El tiempo de la Política con mayúscula

Para mi madre en su cumpleaños

 

Con algunas contadas excepciones muy localizadas donde el conflicto poselectoral obligó al recuento de votos, prácticamente en la totalidad de la geografía de la entidad se respira un nuevo ánimo cívico marcado por la reconciliación y lo que mi buen amigo Esteban Garaiz atinadamente ha llamado el “acercamiento funcional a favor de los gobernados” (MILENIO JALISCO, 9 de junio).

Podríamos decir que los jaliscienses le hemos dado la vuelta a la página al tiempo de la política, así escrita con minúscula, que es la política que suele imperar e impregnar el ambiente, principalmente durante las campañas políticas, y que es alentada casi exclusivamente por la pasión para cumplir con esa función esencial en toda competencia política: buscar posicionarse y diferenciarse frente al adversario.

Con el anuncio del gobernador del Estado, Aristóteles Sandoval Díaz, literalmente realizado al día siguiente de haber concluido la jornada electoral, en el sentido de privilegiar los acuerdos y el diálogo con el próximo gobierno municipal de la capital jalisciense (MILENIO JALISCO, 9 de junio), así como la respuesta del propio Enrique Alfaro Ramírez, de no buscar la confrontación y su ofrecimiento de trabajar de manera conjunta con el estado y la federación (MILENIO JALISCO, 10 de junio), Jalisco le da la bienvenida al tiempo de la Política escrita con mayúscula.

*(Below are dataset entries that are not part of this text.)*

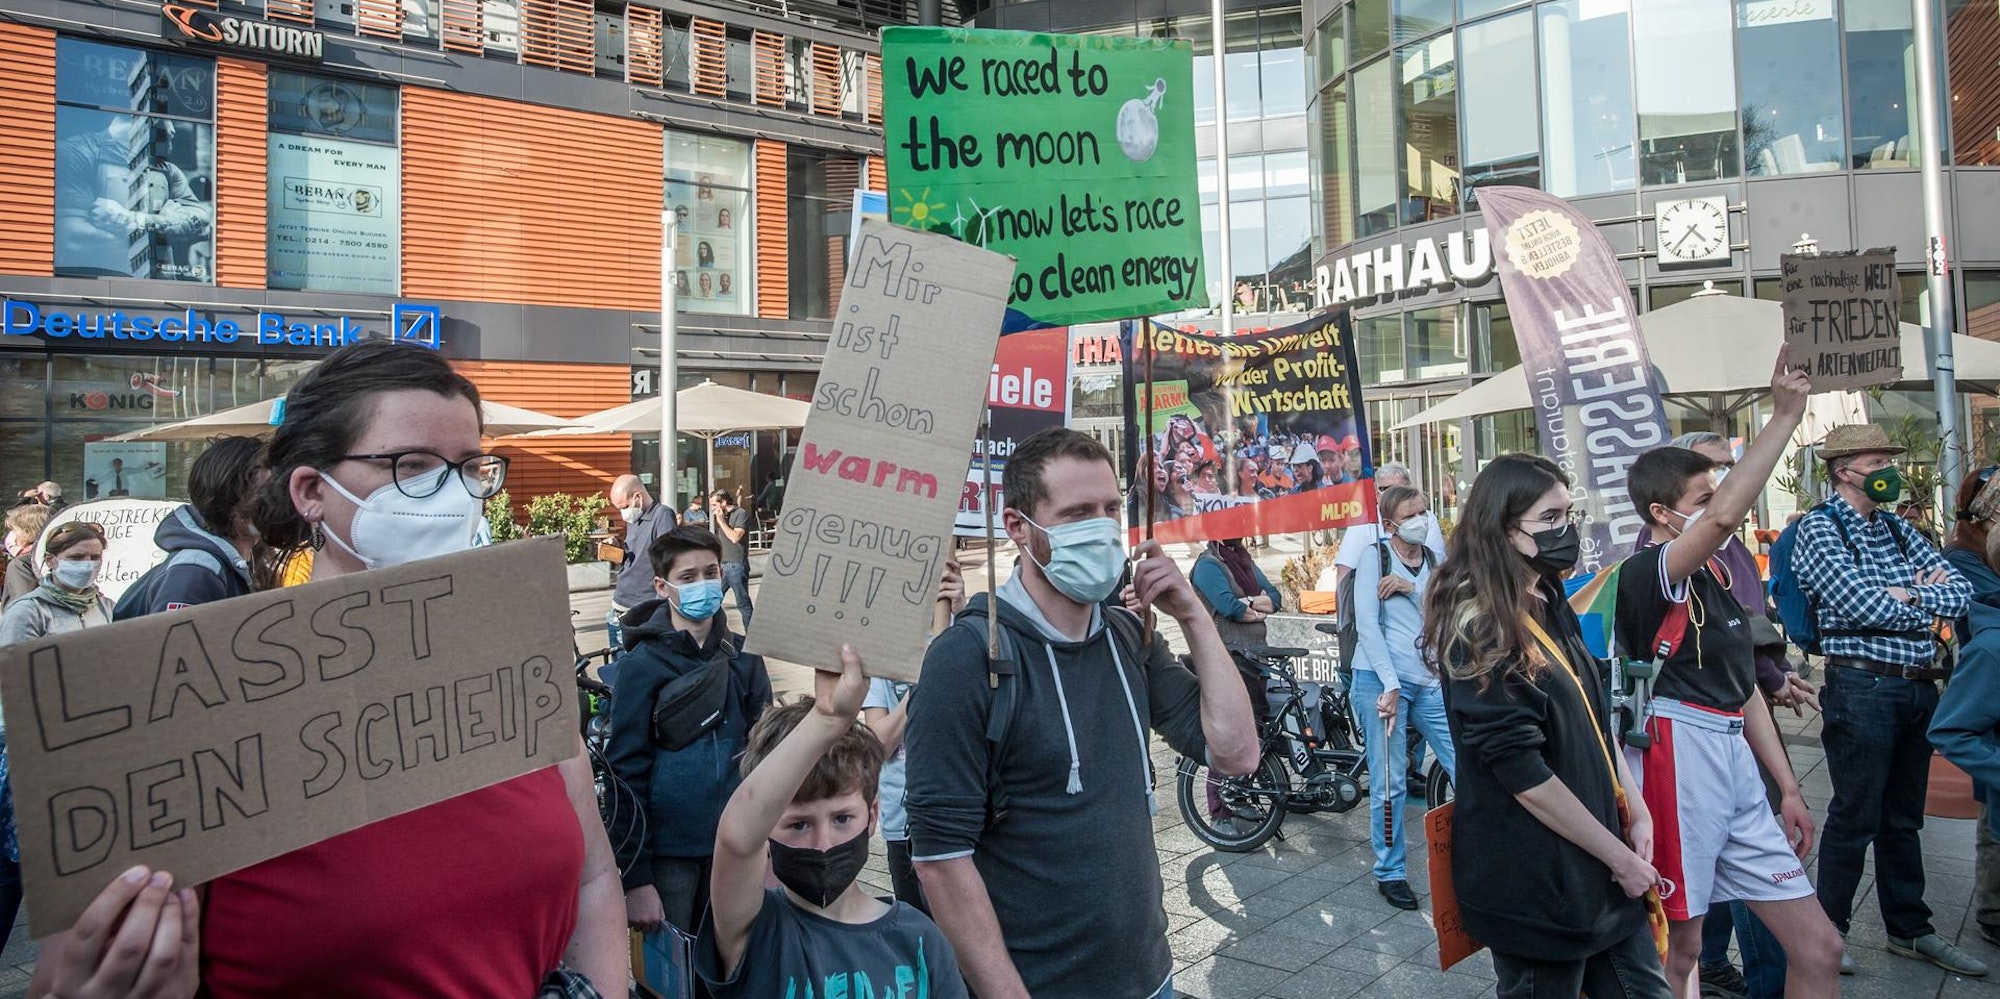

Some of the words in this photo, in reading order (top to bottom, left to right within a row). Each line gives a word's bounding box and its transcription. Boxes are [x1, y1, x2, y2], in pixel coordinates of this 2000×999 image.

[221, 17, 324, 57] SATURN
[82, 54, 201, 92] BEAN
[982, 46, 1062, 97] raced
[1068, 49, 1108, 97] to
[288, 144, 321, 154] DREAM
[901, 115, 983, 172] the
[996, 130, 1101, 169] moon
[333, 160, 363, 168] EVERY
[366, 163, 386, 171] MAN
[997, 204, 1053, 241] now
[1060, 192, 1118, 237] let's
[1125, 197, 1184, 232] race
[305, 236, 329, 245] 0214
[339, 239, 362, 248] 7500
[365, 241, 389, 249] 4590
[850, 234, 942, 305] Mir
[1007, 271, 1033, 304] o
[1040, 252, 1115, 299] clean
[1121, 255, 1198, 301] energy
[1316, 228, 1498, 308] RATHAU
[1784, 262, 1799, 277] für
[1810, 269, 1861, 293] nachhaltige
[1864, 263, 1896, 292] WELT
[3, 301, 239, 342] Deutsche
[257, 311, 363, 347] Bank
[836, 304, 900, 360] ist
[1257, 321, 1341, 356] Umwelt
[1788, 316, 1807, 335] für
[1807, 298, 1899, 345] FRIEDEN
[1241, 367, 1269, 387] der
[1273, 351, 1346, 382] Profit-
[1816, 346, 1901, 377] ARTENVIELFALT
[815, 366, 934, 434] schon
[989, 364, 1053, 408] iele
[1139, 391, 1188, 413] AARM!
[1230, 382, 1352, 418] Wirtschaft
[972, 437, 1016, 456] mach
[803, 441, 938, 499] warm
[75, 506, 176, 525] KURZSTRECKE
[1320, 501, 1363, 522] MLPD
[95, 560, 140, 583] ekten
[772, 507, 942, 606] genug
[29, 574, 454, 752] LASST
[1312, 658, 1342, 683] BRA
[48, 732, 270, 877] DEN
[300, 654, 563, 800] SCHEIß
[1772, 867, 1805, 885] SPALDIN

Por supuesto que tales declaraciones no deben tomarse como graciosas concesiones. La savia de nuestra institución democrática expresada el pasado 7 de junio, favoreció enormemente para que nuestras autoridades constituidas y electas dejaran atrás la incertidumbre en torno a los resultados, precisamente uno de los rasgos distintivos de toda democracia, para darle paso a la certeza del acuerdo político que está por venir entre los distintos gobiernos. Certeza que se fundamenta y nutre de otro rasgo distintivo de todo régimen democrático: el hecho irrefutable de que los ganadores no ganaron todo ni los perdedores lo perdieron todo.

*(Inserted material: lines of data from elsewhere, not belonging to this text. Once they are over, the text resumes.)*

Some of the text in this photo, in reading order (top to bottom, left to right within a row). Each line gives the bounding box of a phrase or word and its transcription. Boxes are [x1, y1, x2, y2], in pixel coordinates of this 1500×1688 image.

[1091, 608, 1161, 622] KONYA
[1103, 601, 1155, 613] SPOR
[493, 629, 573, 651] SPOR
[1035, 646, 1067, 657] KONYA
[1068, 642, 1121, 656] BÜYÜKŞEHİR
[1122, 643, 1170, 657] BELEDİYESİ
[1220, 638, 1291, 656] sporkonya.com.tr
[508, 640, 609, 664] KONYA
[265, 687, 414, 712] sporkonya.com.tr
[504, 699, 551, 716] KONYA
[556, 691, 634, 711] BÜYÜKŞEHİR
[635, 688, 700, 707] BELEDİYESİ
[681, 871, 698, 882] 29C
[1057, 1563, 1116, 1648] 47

Y por supuesto, a los ciudadanos nos corresponde el papel fundamental de mantenerse informados, atentos, vigilantes y dispuestos a participar en toda aquella iniciativa que juzguemos procedente para que los acuerdos políticos que están por venir entre los distintos gobiernos, efectivamente redunden en el bienestar de las mayorías, principalmente de las menos favorecidas, y no únicamente sirva para el provecho de algunos cuantos privilegiados. El ejercicio de la Política con mayúscula, no debe entenderse como una tarea de uso exclusivo de los gobernantes, sino como un imperativo para todos los ciudadanos que se aprecien de serlo.